#### WHAT IS EXPECTED
Images are to be excluded from the copy, and the records below reproduced word for word.

#### RECORDS SUPPLIED
☆ ☆ ☆ ☆ ☆
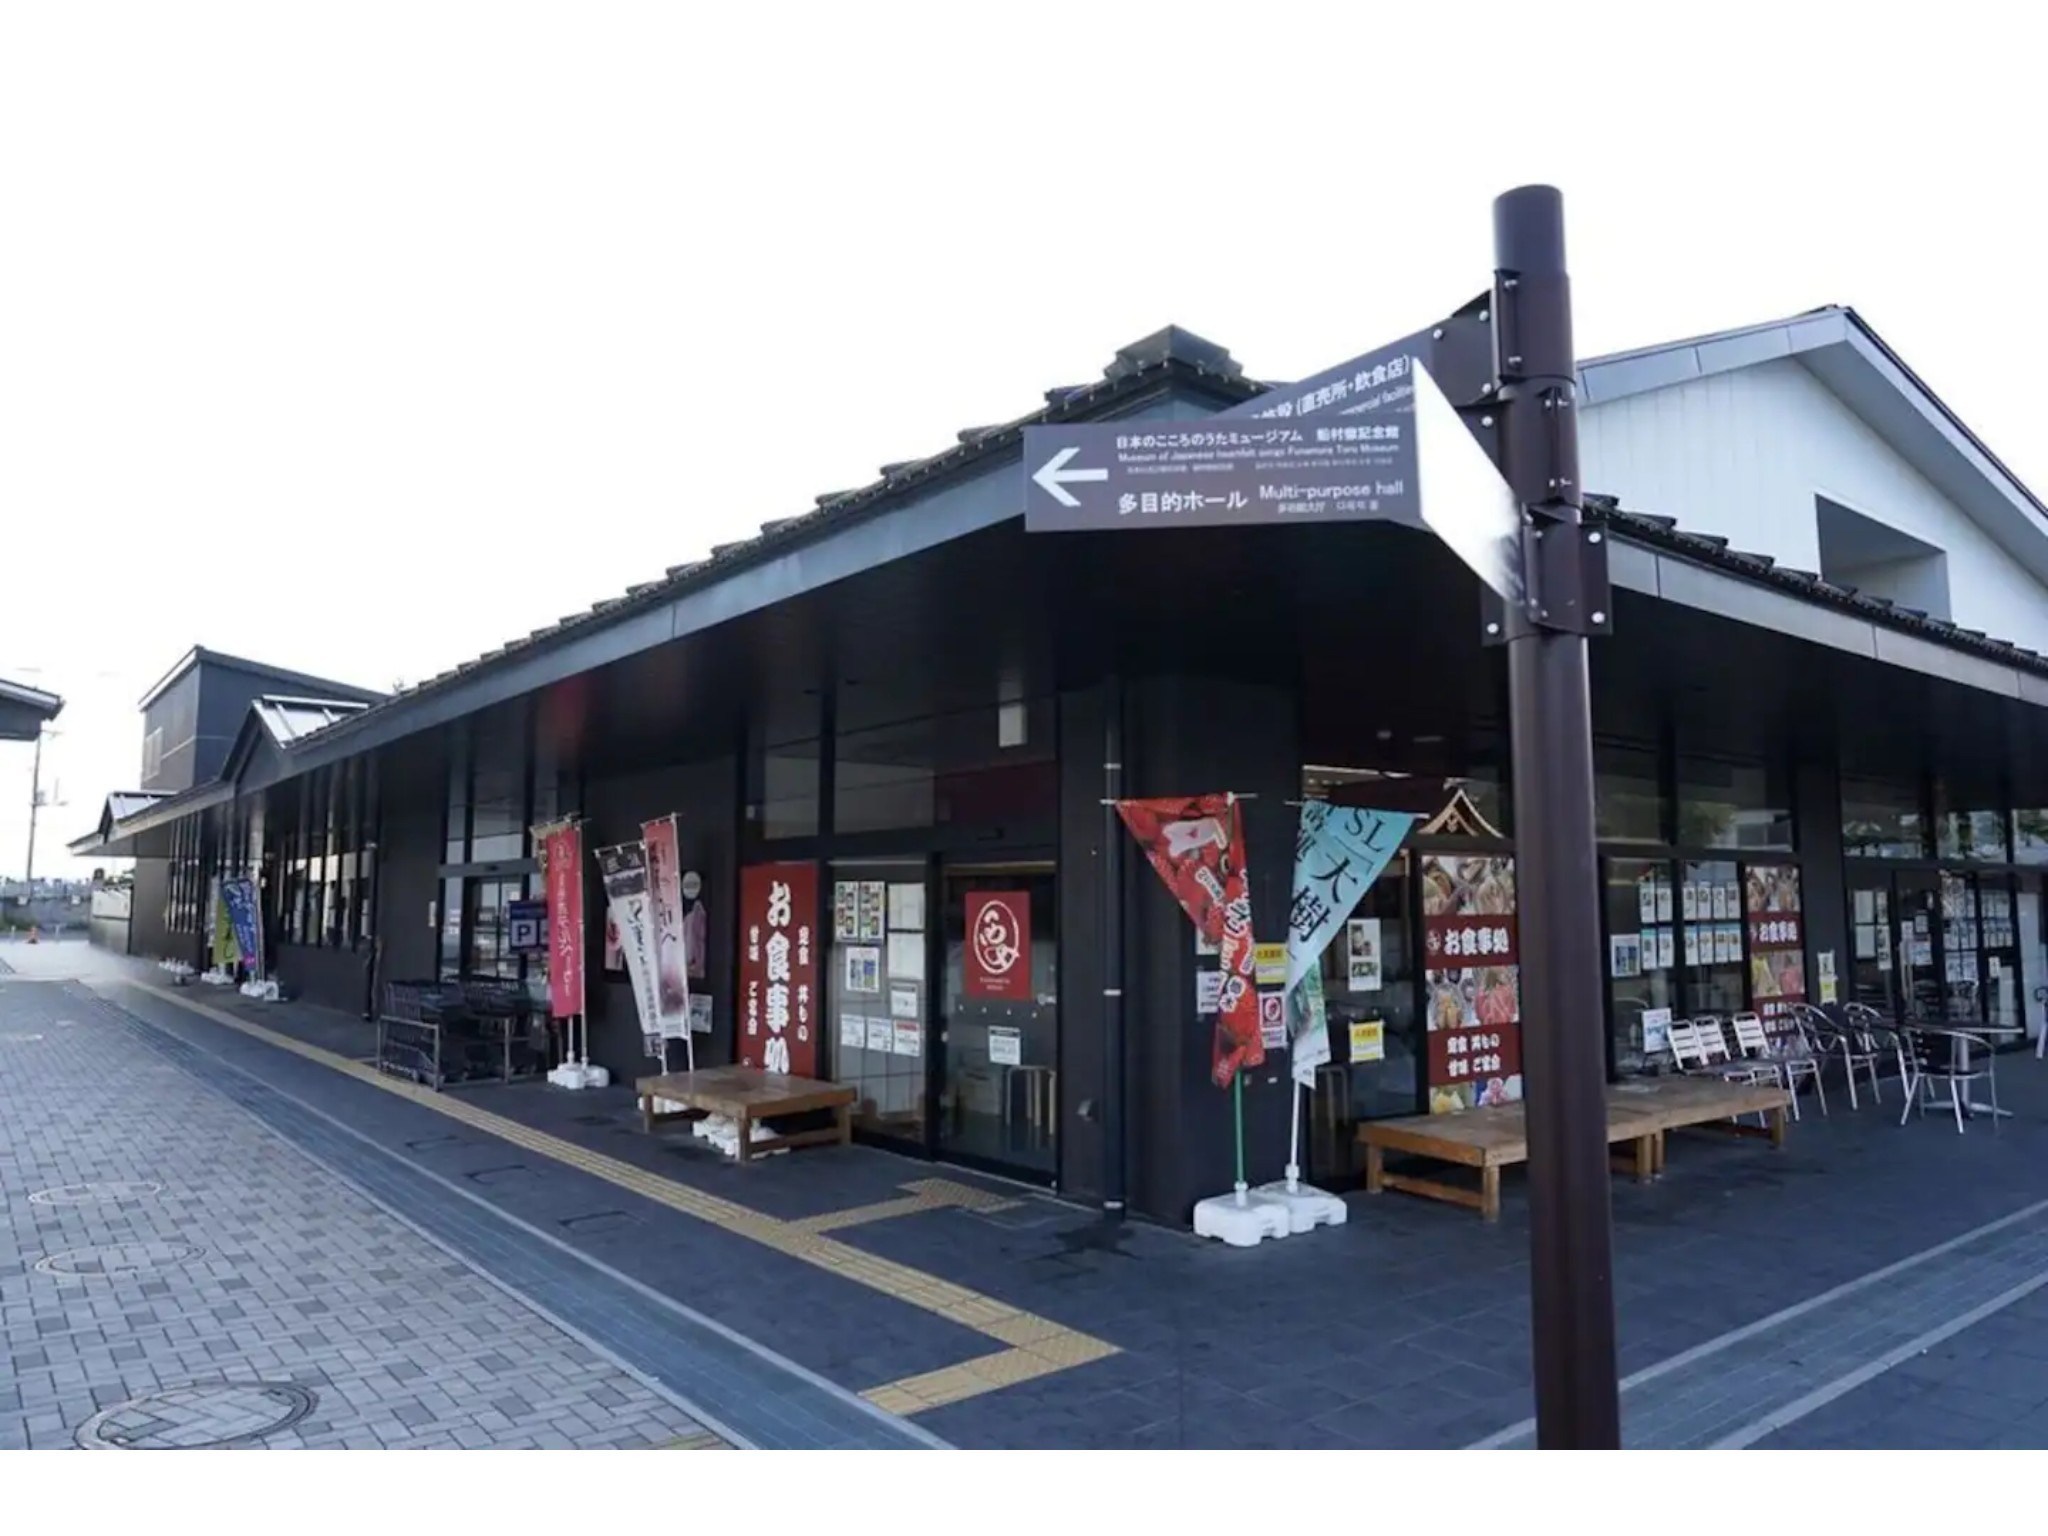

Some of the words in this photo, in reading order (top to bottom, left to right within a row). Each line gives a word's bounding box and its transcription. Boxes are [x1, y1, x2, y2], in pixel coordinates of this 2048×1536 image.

[1117, 429, 1303, 449] 日本のこころのうたミュージアム
[1259, 484, 1371, 500] Multi-purpose
[1375, 480, 1403, 496] hall
[1118, 489, 1249, 515] 多目的ホール
[518, 925, 531, 941] P
[1444, 926, 1510, 956] お食事処
☆ ☆ ☆ ☆ ☆
#### RESULT OF THIS EXERCISE
Some of the words in this photo, in reading order (top to bottom, left to right within a row). Each line gives a word's bounding box and its transcription. Boxes are [x1, y1, x2, y2], in pixel coordinates of this 2048×1536 image.

[1117, 429, 1303, 449] 日本のこころのうたミュージアム
[1259, 484, 1371, 500] Multi-purpose
[1375, 480, 1403, 496] hall
[1118, 489, 1249, 515] 多目的ホール
[518, 925, 531, 941] P
[1444, 926, 1510, 956] お食事処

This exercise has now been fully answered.